**Source data**
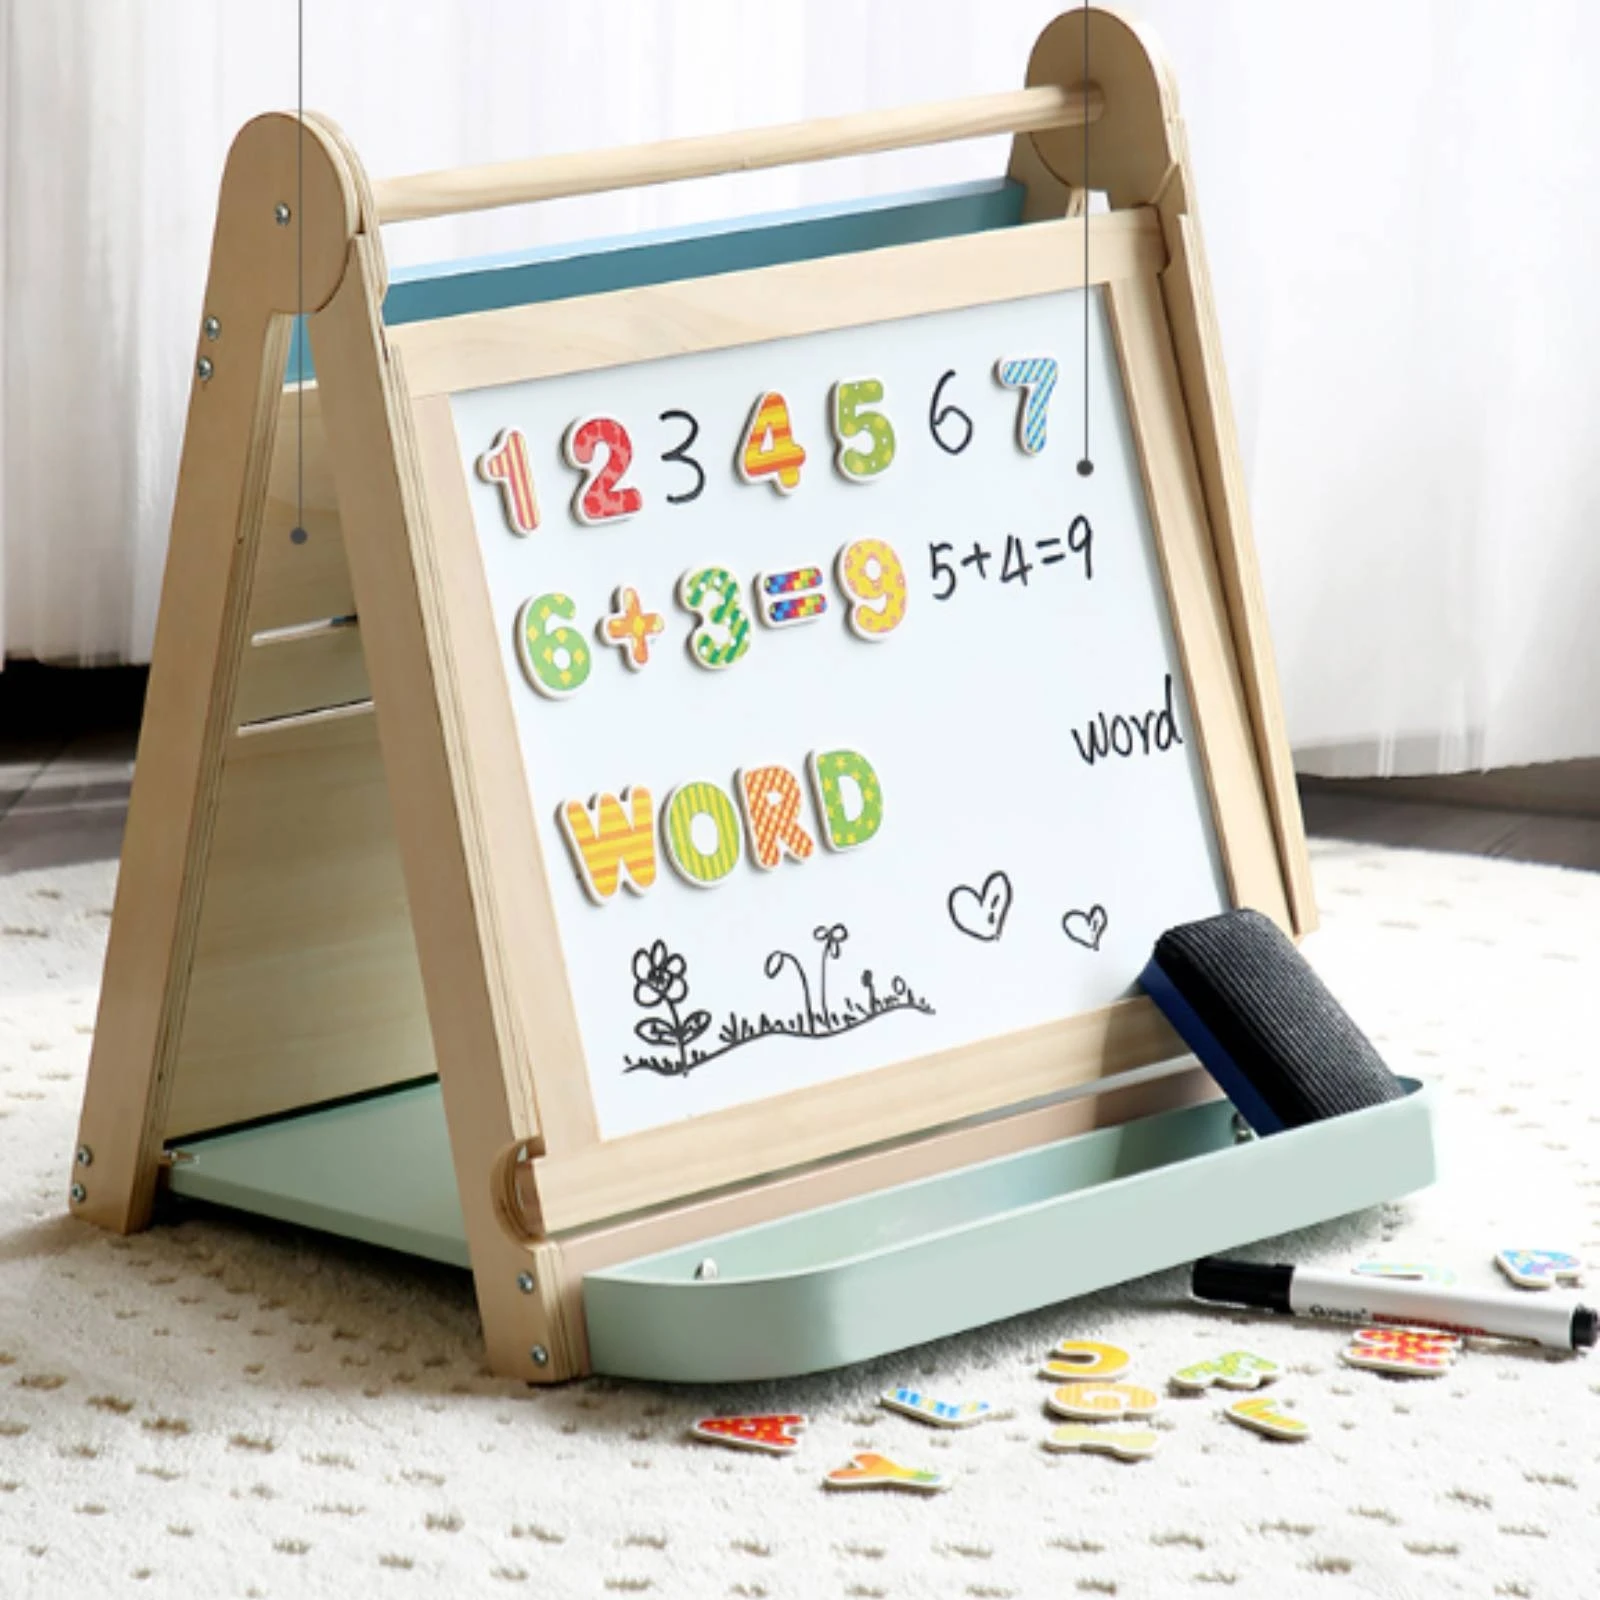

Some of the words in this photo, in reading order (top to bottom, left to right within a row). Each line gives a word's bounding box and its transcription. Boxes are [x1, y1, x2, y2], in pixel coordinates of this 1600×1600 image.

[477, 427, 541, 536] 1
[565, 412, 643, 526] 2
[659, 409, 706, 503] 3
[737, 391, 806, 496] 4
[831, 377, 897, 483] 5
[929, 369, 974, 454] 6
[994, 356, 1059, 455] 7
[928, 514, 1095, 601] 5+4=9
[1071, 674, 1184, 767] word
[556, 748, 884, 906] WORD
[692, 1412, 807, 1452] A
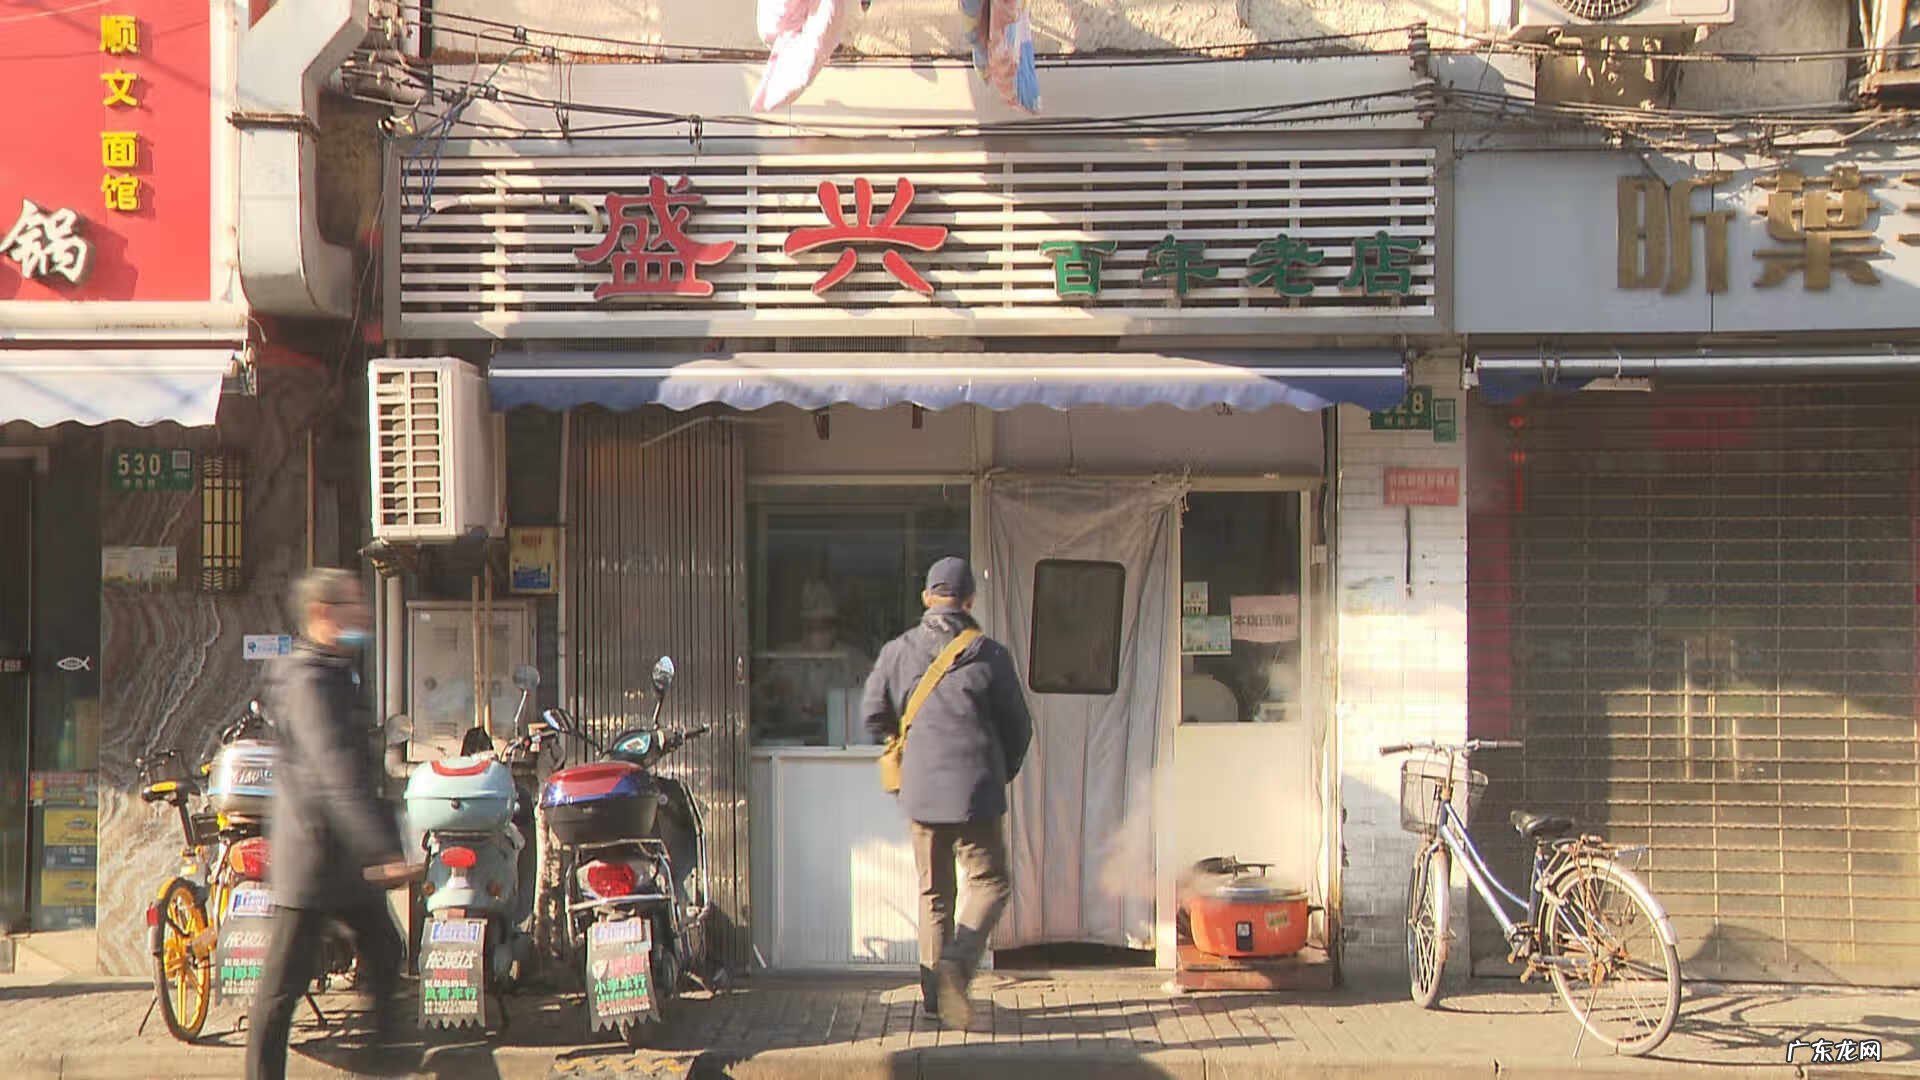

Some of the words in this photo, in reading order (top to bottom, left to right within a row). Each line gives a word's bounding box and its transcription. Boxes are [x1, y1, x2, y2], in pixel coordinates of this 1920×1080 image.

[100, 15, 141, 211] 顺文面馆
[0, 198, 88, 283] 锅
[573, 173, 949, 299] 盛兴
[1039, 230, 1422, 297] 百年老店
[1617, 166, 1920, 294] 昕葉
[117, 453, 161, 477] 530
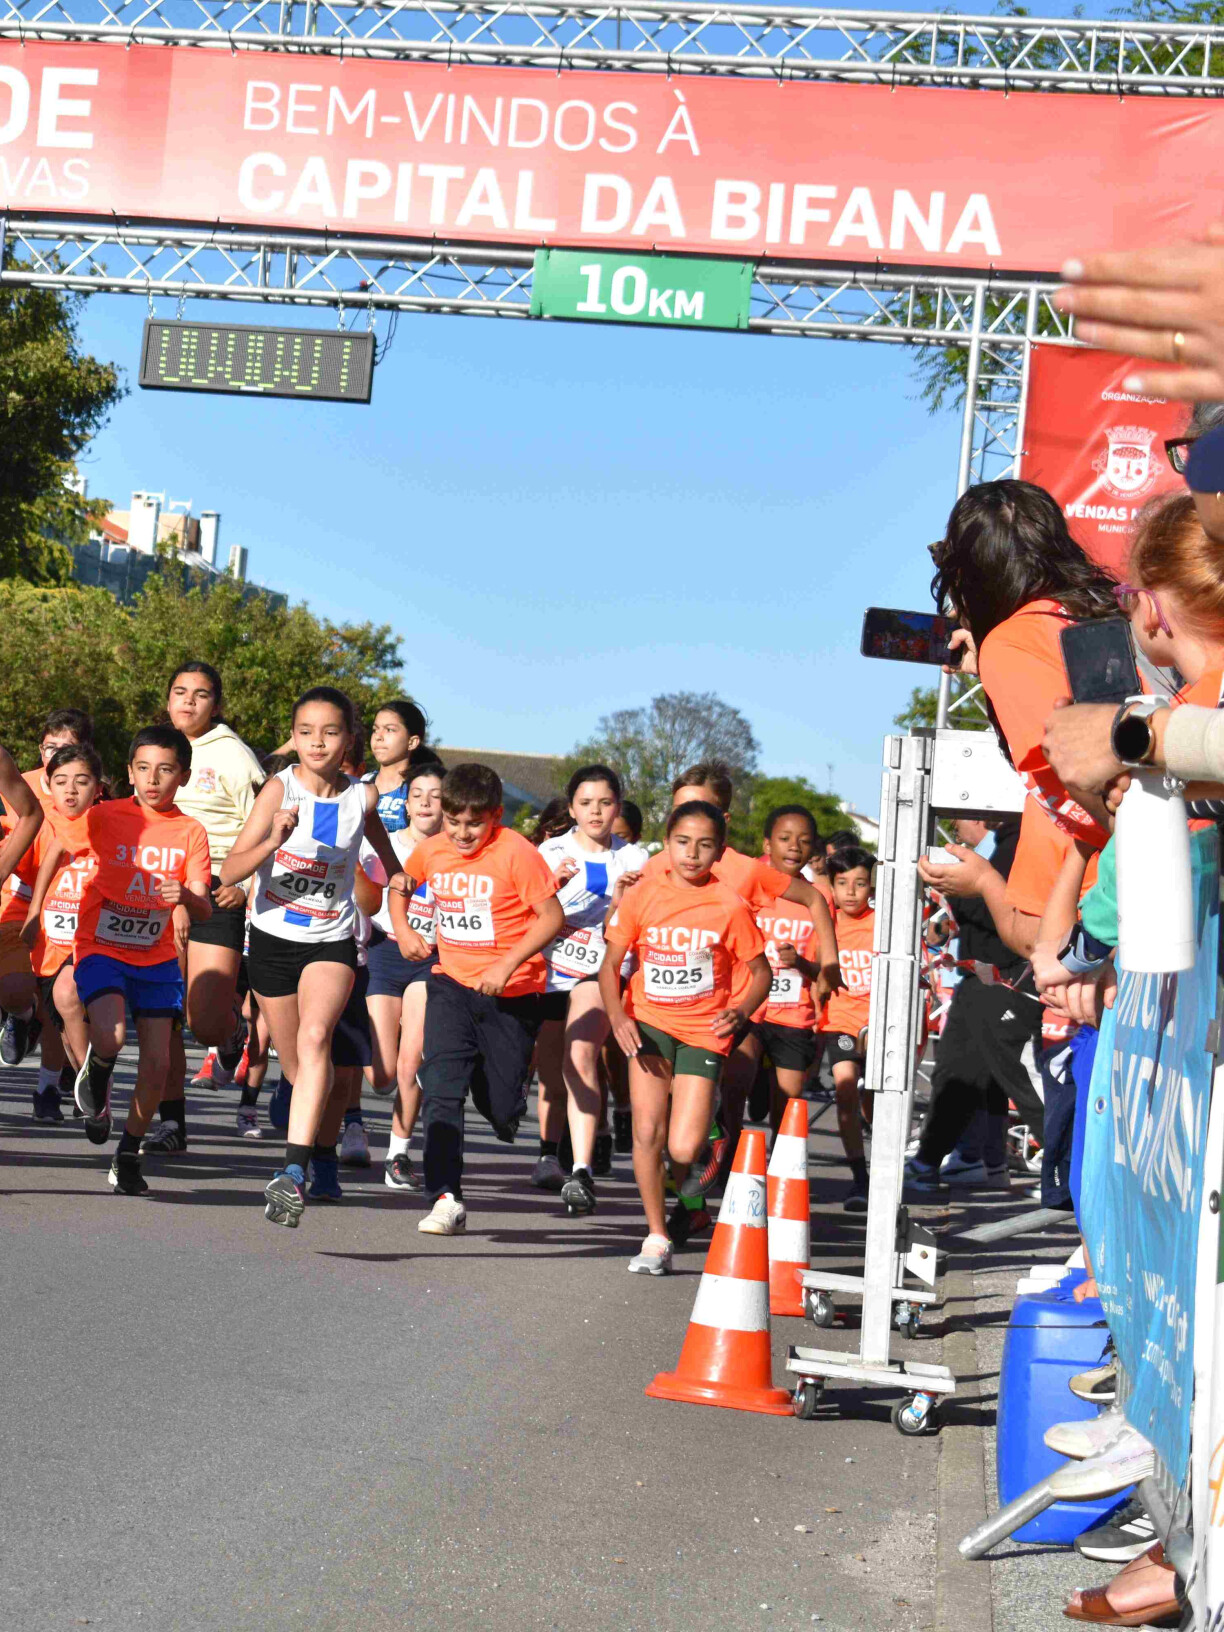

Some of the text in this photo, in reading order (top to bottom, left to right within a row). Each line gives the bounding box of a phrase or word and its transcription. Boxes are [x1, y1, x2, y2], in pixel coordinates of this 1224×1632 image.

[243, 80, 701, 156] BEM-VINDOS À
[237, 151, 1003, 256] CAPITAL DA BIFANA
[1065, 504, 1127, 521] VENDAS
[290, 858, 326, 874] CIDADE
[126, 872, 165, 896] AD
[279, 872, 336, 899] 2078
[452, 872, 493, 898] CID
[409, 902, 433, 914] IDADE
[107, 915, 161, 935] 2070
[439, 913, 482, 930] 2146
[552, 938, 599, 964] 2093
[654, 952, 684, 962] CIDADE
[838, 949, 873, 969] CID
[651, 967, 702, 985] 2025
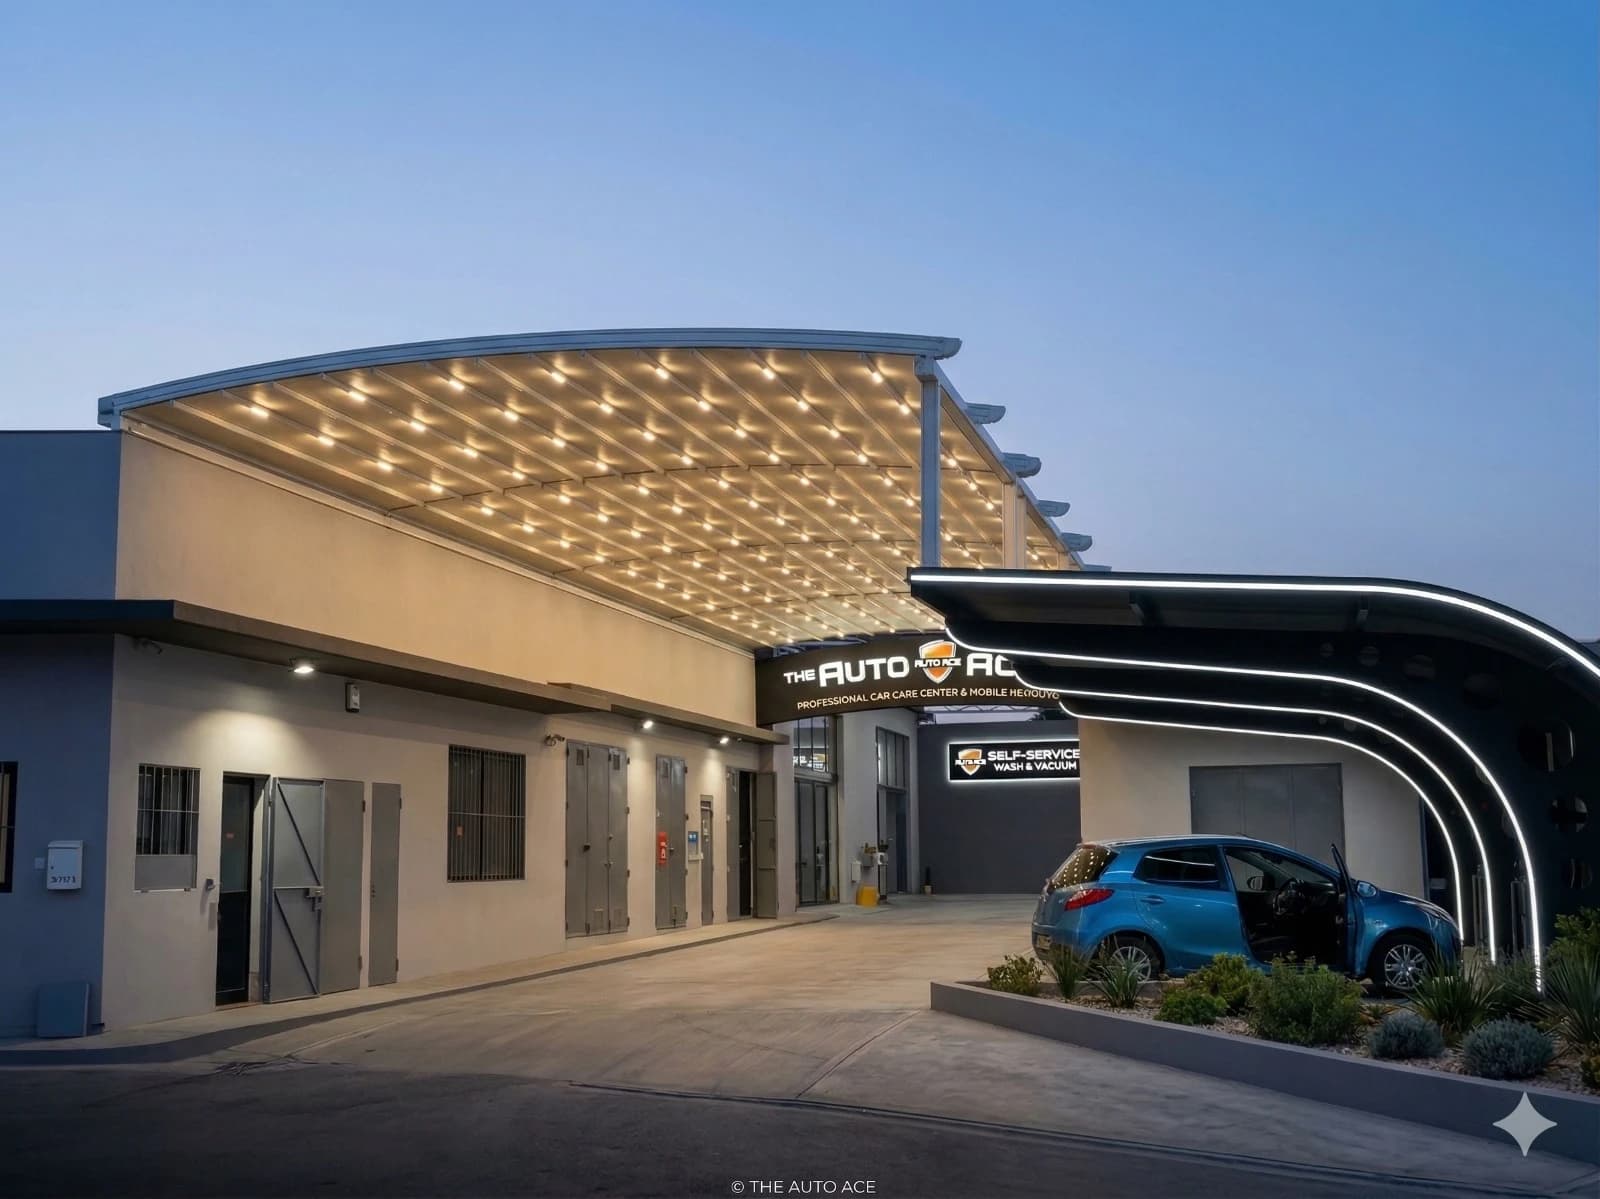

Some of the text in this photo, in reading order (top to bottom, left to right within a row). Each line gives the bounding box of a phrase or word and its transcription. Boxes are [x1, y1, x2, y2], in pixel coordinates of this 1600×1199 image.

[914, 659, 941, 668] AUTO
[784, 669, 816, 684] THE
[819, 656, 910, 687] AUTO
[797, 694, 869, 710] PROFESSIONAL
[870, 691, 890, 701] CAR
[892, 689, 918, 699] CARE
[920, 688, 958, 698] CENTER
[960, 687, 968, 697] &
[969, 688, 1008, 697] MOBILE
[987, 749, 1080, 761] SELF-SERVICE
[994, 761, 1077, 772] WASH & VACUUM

**Description of the task**
Write every line above out again exactly; pictures do not belong in the copy.

**Output below**
Some of the words in this photo, in reading order (top to bottom, left to right within a row). Each line gives a word's bounding box and its transcription. Boxes are [x1, y1, x2, y2], in pixel coordinates of this 1600×1600 image.

[477, 427, 541, 536] 1
[565, 412, 643, 526] 2
[659, 409, 706, 503] 3
[737, 391, 806, 496] 4
[831, 377, 897, 483] 5
[929, 369, 974, 454] 6
[994, 356, 1059, 455] 7
[928, 514, 1095, 601] 5+4=9
[1071, 674, 1184, 767] word
[556, 748, 884, 906] WORD
[692, 1412, 807, 1452] A

Some of the words in this photo, in reading order (top to bottom, left to right within a row). Each line gives a word's bounding box and its transcription. Boxes are [x1, y1, x2, y2], in pixel coordinates of this 1920×1080 image.

[100, 15, 141, 211] 顺文面馆
[0, 198, 88, 283] 锅
[573, 173, 949, 299] 盛兴
[1039, 230, 1422, 297] 百年老店
[1617, 166, 1920, 294] 昕葉
[117, 453, 161, 477] 530

Some of the text in this photo, in reading order (top to bottom, left to right within a row). Each line gives the bounding box of a phrase or word and its transcription. Boxes are [x1, y1, x2, y2], in pixel coordinates of this 1224×1632 image.

[243, 80, 701, 156] BEM-VINDOS À
[237, 151, 1003, 256] CAPITAL DA BIFANA
[1065, 504, 1127, 521] VENDAS
[290, 858, 326, 874] CIDADE
[126, 872, 165, 896] AD
[279, 872, 336, 899] 2078
[452, 872, 493, 898] CID
[409, 902, 433, 914] IDADE
[107, 915, 161, 935] 2070
[439, 913, 482, 930] 2146
[552, 938, 599, 964] 2093
[654, 952, 684, 962] CIDADE
[838, 949, 873, 969] CID
[651, 967, 702, 985] 2025

Some of the text in this photo, in reading order (top to bottom, left to right within a row). Each line gives the bounding box of a phrase or word and its transcription. Boxes are [x1, y1, x2, y2], in pixel coordinates of this 1600×1199 image.

[914, 659, 941, 668] AUTO
[784, 669, 816, 684] THE
[819, 656, 910, 687] AUTO
[797, 694, 869, 710] PROFESSIONAL
[870, 691, 890, 701] CAR
[892, 689, 918, 699] CARE
[920, 688, 958, 698] CENTER
[960, 687, 968, 697] &
[969, 688, 1008, 697] MOBILE
[987, 749, 1080, 761] SELF-SERVICE
[994, 761, 1077, 772] WASH & VACUUM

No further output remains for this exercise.